_Data for processing_

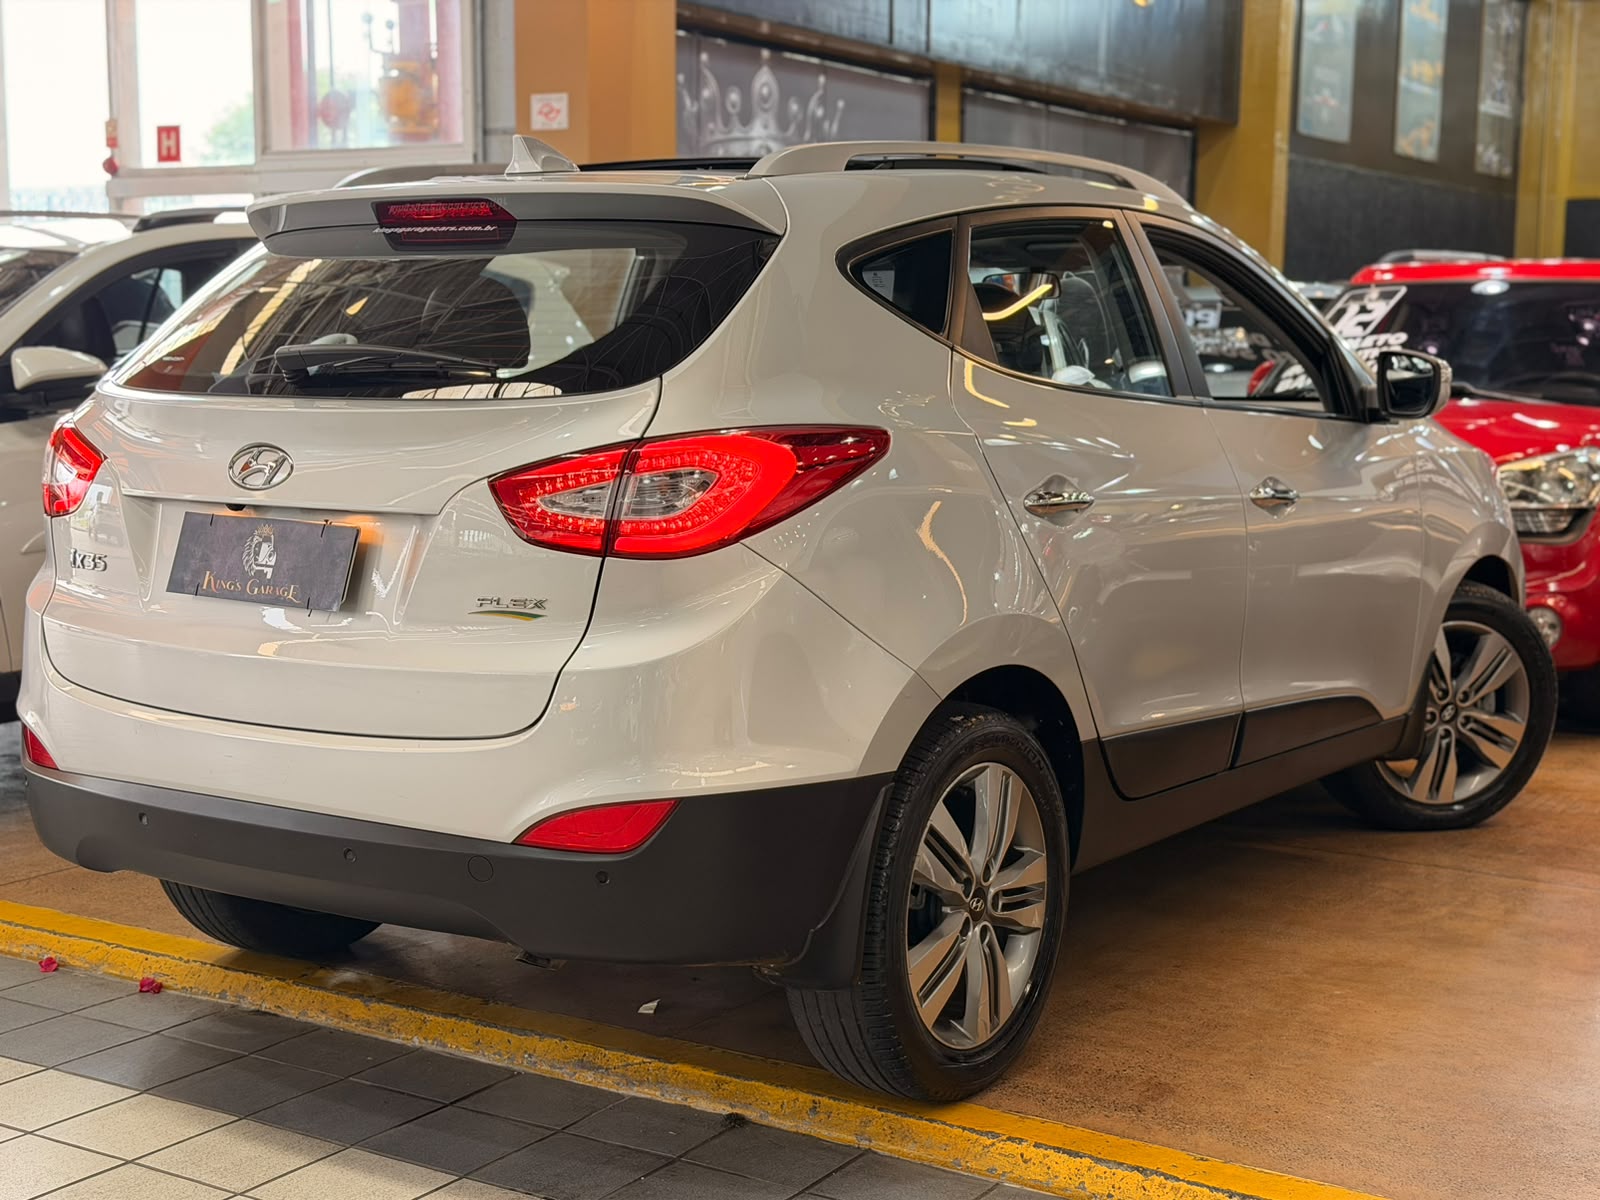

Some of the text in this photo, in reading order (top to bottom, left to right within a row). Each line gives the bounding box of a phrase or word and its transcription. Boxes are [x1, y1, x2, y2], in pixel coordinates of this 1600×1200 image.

[161, 131, 177, 157] H
[1345, 332, 1408, 351] LETO
[246, 578, 301, 604] GARAGE
[476, 597, 548, 610] FLEX

_Exercise description_
Restate the material word for word; no picture should appear in the copy.

_Completed task_
Some of the text in this photo, in reading order (top to bottom, left to right within a row). Each line gives the bounding box of a phrase or word and its transcription. Boxes are [x1, y1, x2, y2], in pixel coordinates of this 1600×1200 image.

[161, 131, 177, 157] H
[1345, 332, 1408, 351] LETO
[246, 578, 301, 604] GARAGE
[476, 597, 548, 610] FLEX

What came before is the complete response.